Climate Change and Digital Commerce
Ministers also discussed the importance of sustainability and trade. According to IDB calculations, internal greenhouse-gas emissions in Latin America and the Caribbean to produce goods for external consumption contributes 20% of total emissions that cause global warming – a significant number, but somewhat below average global emissions linked to trade. Countries must work together to protect the environment, while maintaining an open posture on international trade.
On digital trade, participants discussed the importance of creating a regulatory framework that would facilitate the creation of a digital marketplace and attract investment. Digital transformation would enable more firms to export services consumers want, such as remote learning and telemedicine. Digital tools can also improve the capacity of government entities that facilitate trade, such as customs and trade-promotion agencies.
The IDB and its private-sector arm, IDB Invest, can act as a catalyzer to help generate additional funding, including financing from other multilateral organizations, and mobilize resources from the public and private sectors. In addition, the Bank can develop and offer innovative financial and non-financial products, such as blended financing, guarantees, and technical assistance, as well as resources from other public and private-sector donors.

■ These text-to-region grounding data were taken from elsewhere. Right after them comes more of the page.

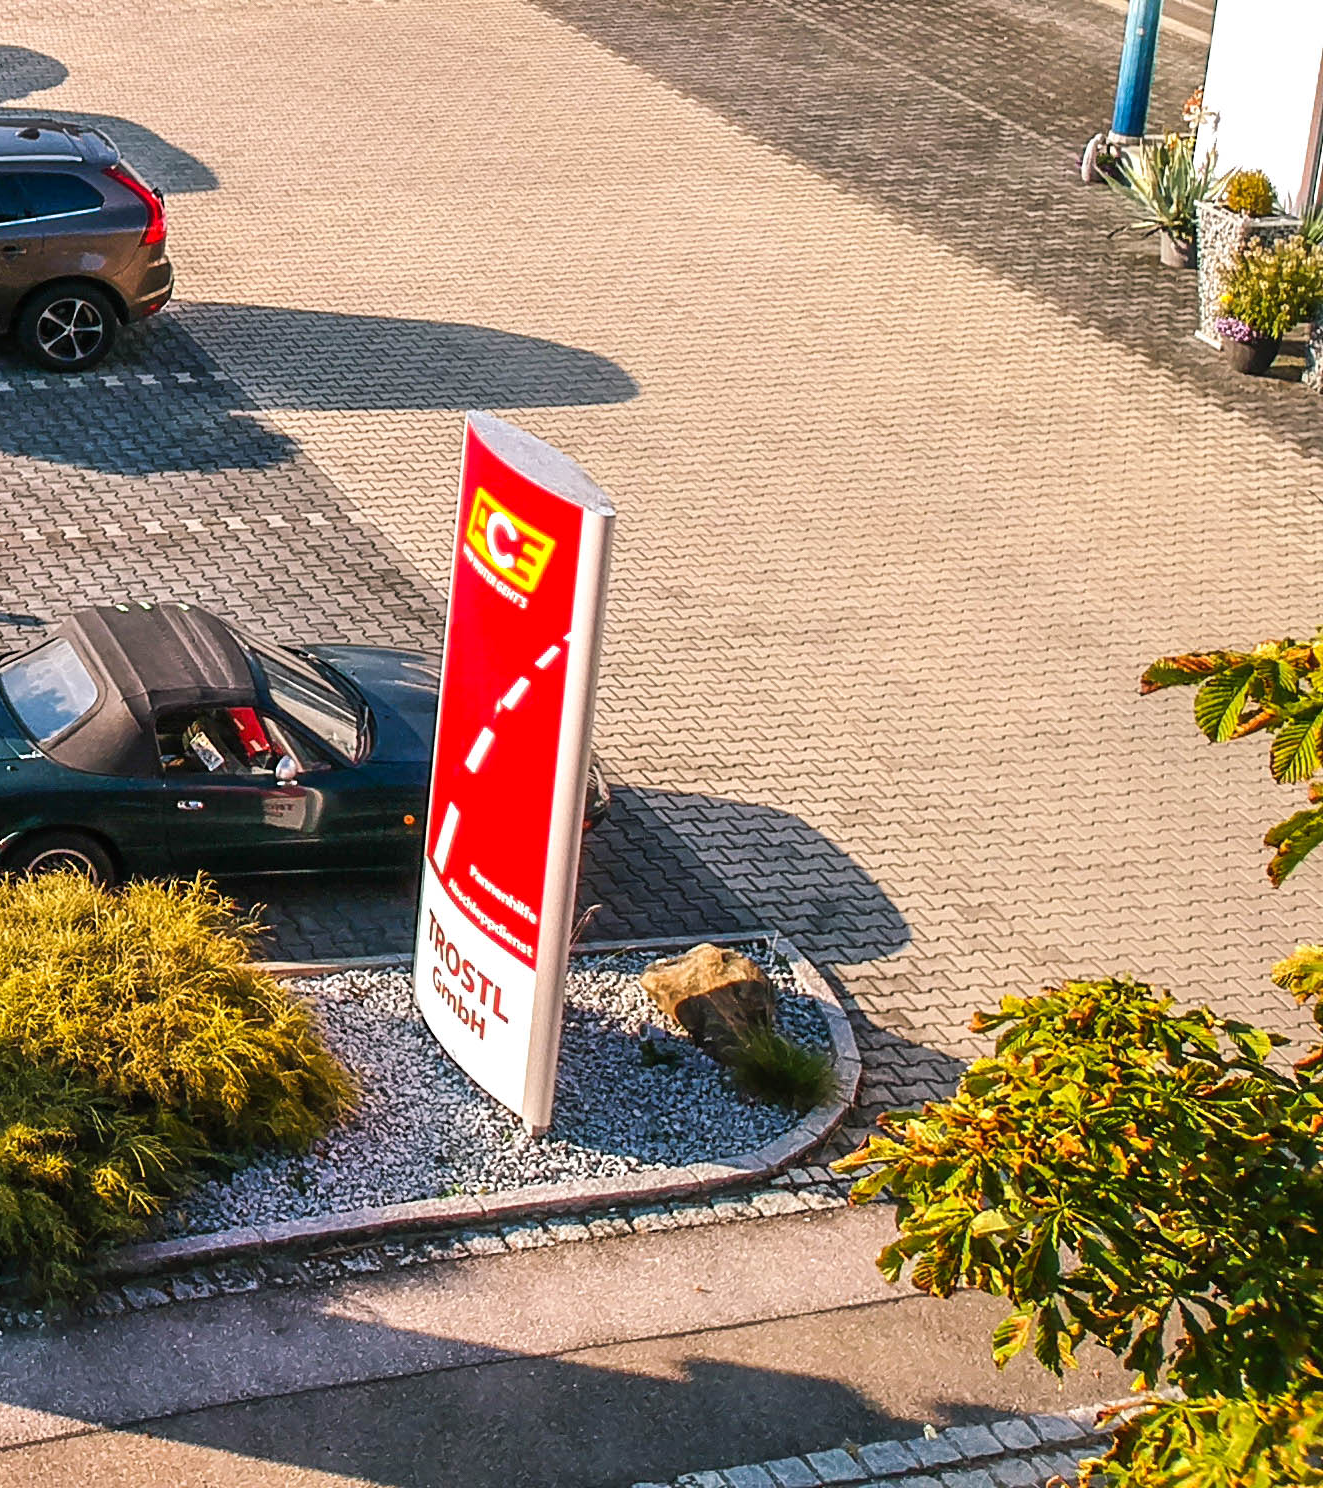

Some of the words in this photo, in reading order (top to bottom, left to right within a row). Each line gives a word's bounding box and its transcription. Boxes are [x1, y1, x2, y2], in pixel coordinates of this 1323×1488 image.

[448, 878, 534, 958] Abschleppdienst
[468, 864, 537, 925] Pannenhilfe
[429, 907, 509, 1024] TROSTL
[432, 965, 486, 1041] GmbH
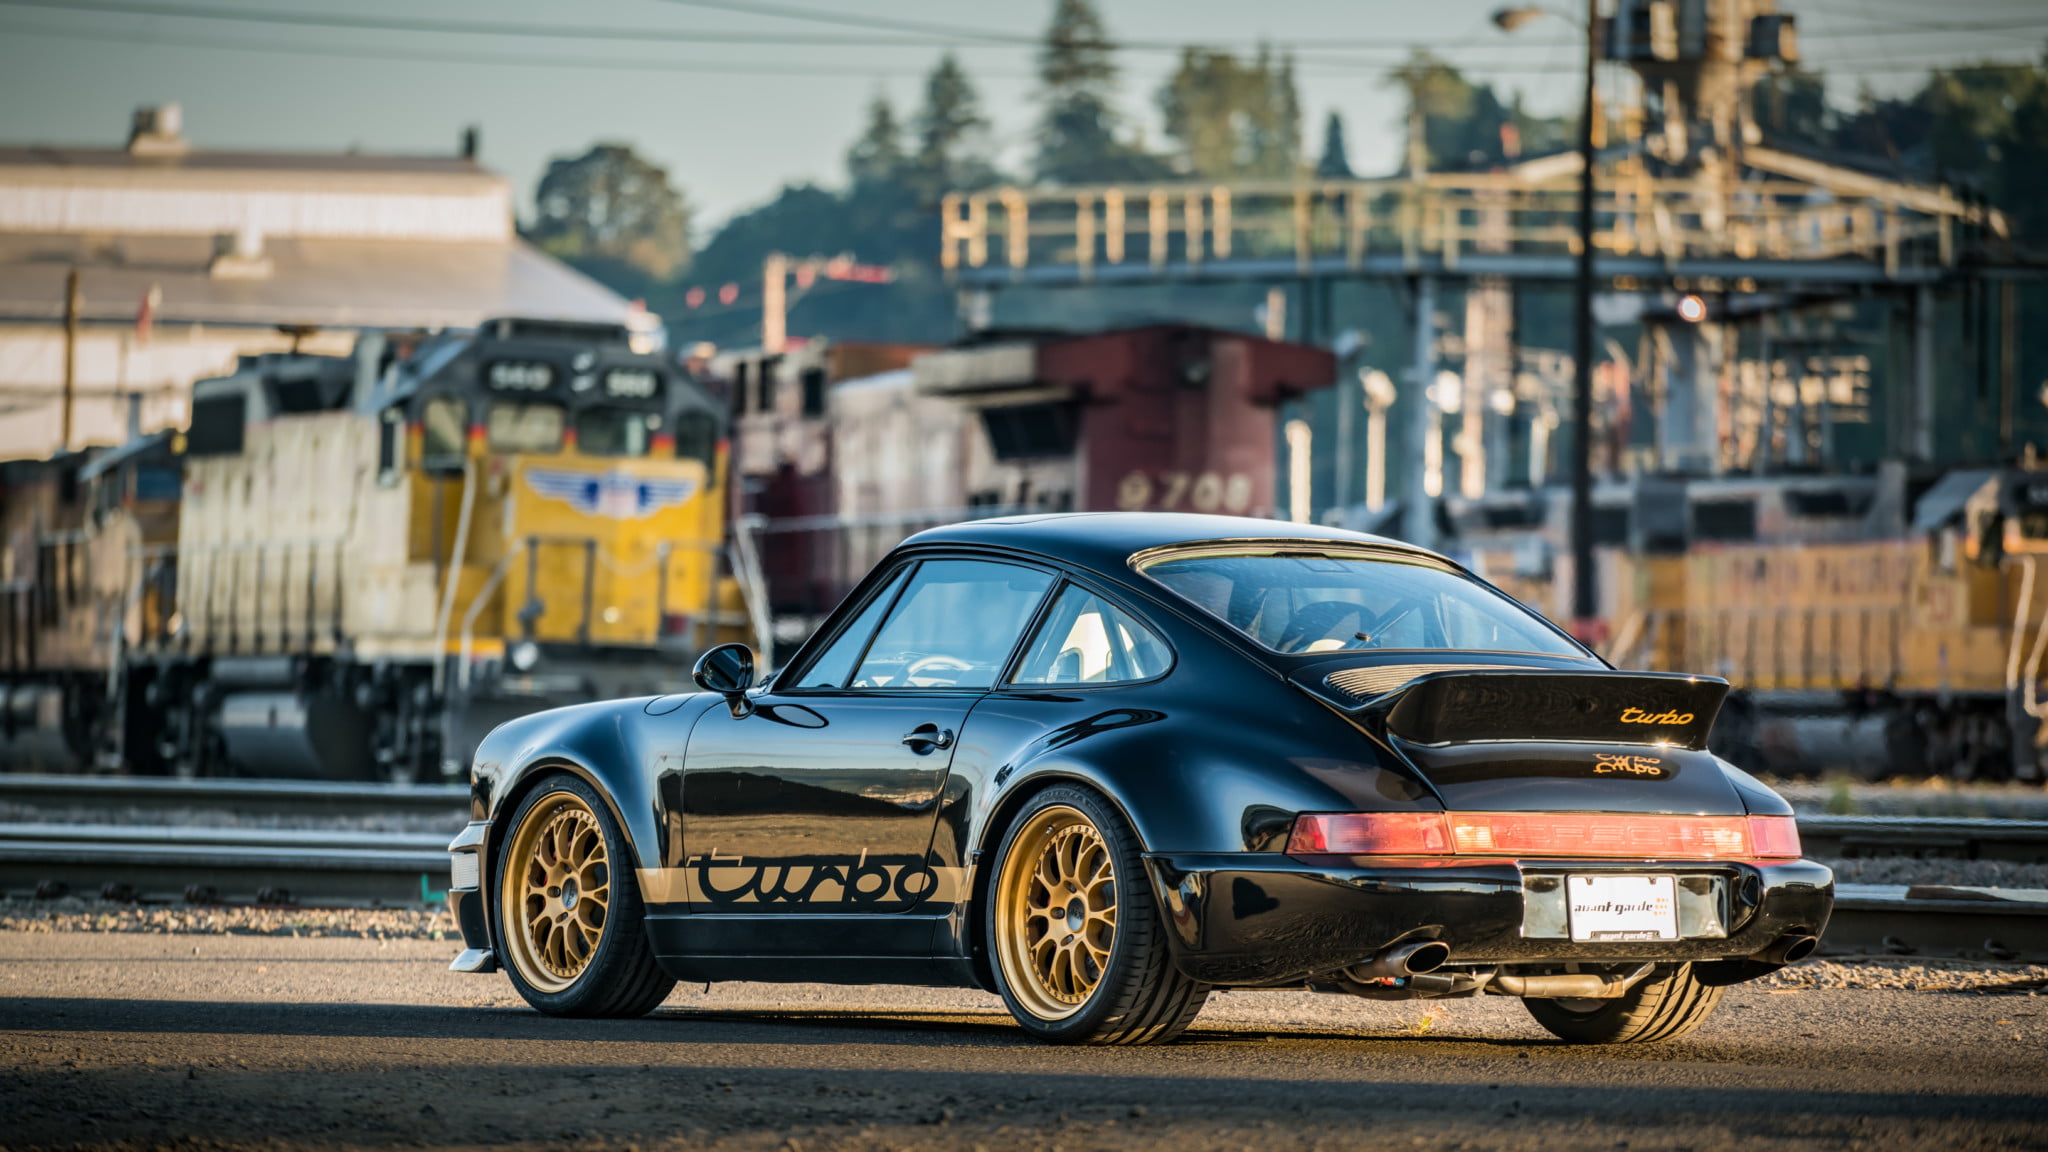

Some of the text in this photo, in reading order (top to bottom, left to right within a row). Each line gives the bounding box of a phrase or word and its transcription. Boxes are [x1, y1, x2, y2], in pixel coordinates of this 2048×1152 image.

“In the IDB, you will have our full support for the path you build going forward and in future meetings to implement policies that contribute to inclusive and equitable growth,” said President Claver-Carone to meeting participants. “What is discussed here translates into jobs, into wealth-creation and, above all, hope for millions of our citizens who yearn for a better future.”
About the IDB
The Inter-American Development Bank is devoted to improving lives. Established in 1959, the IDB is a leading source of long-term financing for economic, social, and institutional development in Latin America and the Caribbean. The IDB also conducts cutting-edge research and provides policy advice, technical assistance, and training to public and private sector clients throughout the region.

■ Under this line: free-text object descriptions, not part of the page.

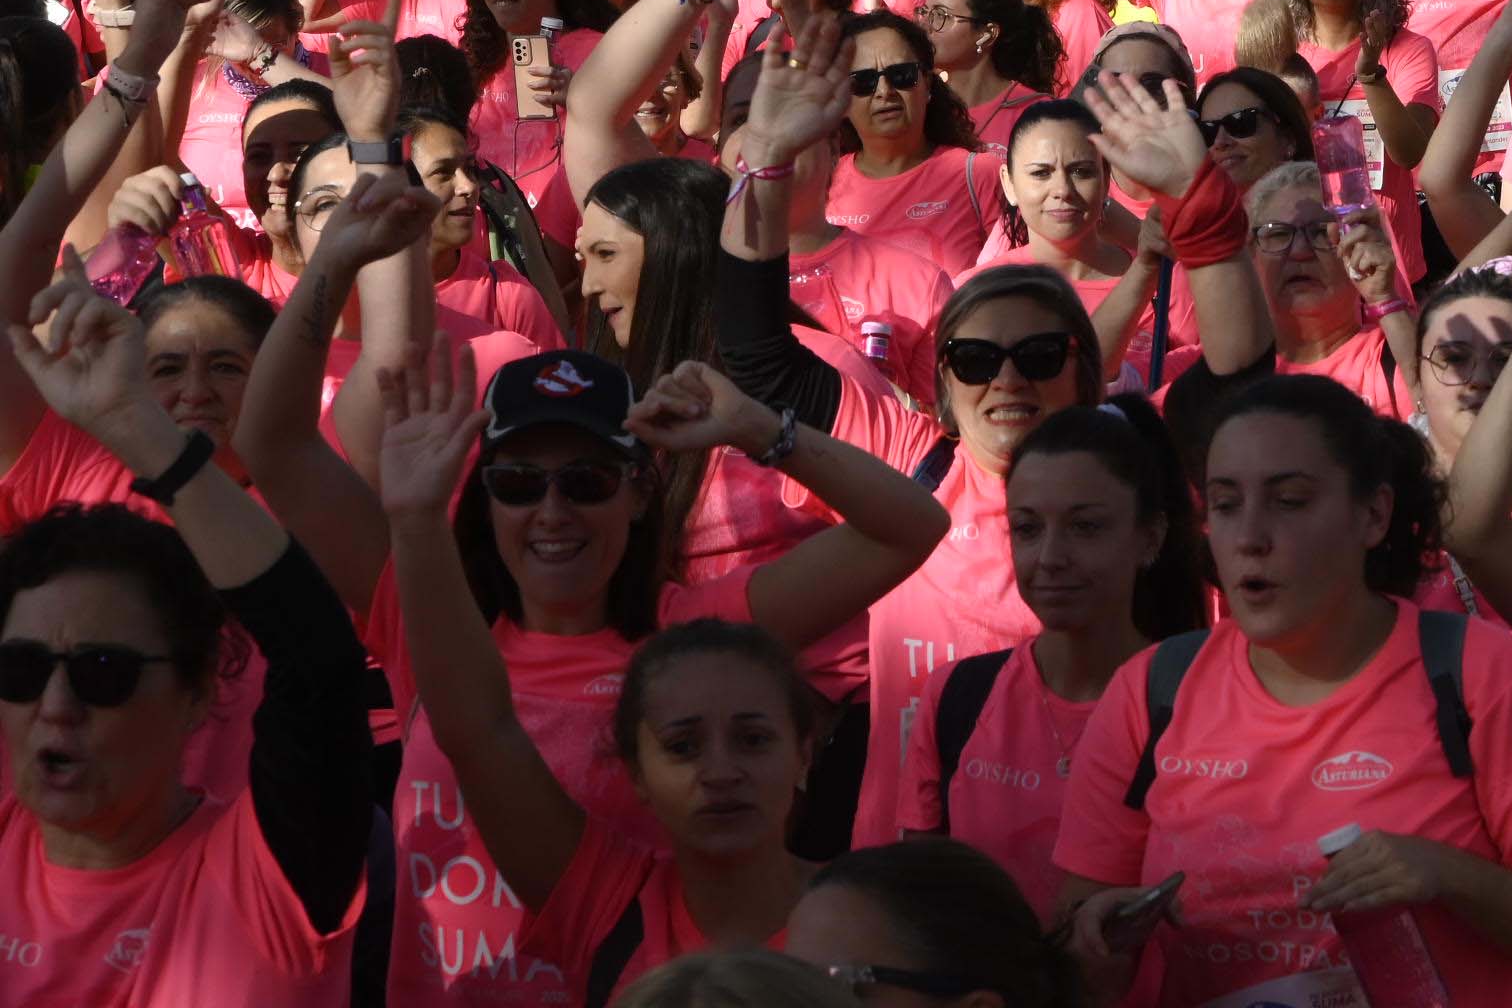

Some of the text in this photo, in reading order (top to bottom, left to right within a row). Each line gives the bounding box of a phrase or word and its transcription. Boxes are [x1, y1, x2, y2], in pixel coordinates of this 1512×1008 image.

[966, 757, 1041, 791] OYSHO
[1161, 754, 1248, 779] OYSHO
[1319, 760, 1389, 785] ASTURIANA
[411, 780, 465, 830] TU
[1248, 909, 1336, 935] TODA

*Based on data for 2019. Quick wins are defined as capturing 15% of U.S. imports of the top 50 products already exported to the U.S. by each Latin American and Caribbean (LAC) country from the top 10 U.S. markets of origin of those same products outside the Western Hemisphere. Intra-LAC quick wins are defined as capturing 15% of LAC imports of the top 50 products exported by each LAC country from the region’s top 10 markets of origin of those same products outside the Western Hemisphere. Medium-term opportunities are defined as capturing 15% of U.S. imports of the top 50 products exported to Europe by each LAC country from the top 10 U.S. markets of origin of those same products outside the Western Hemisphere. In each case, the opportunities assigned to countries are proportional to current exports. To account for potential capacity constraints, we limit the potential gain to 100% of current exports for each product for quick wins and quick wins within LAC, and to 200% of current exports for medium-term opportunities. Export growth is measured as (total)/exports from the LAC country to the United States and Europe.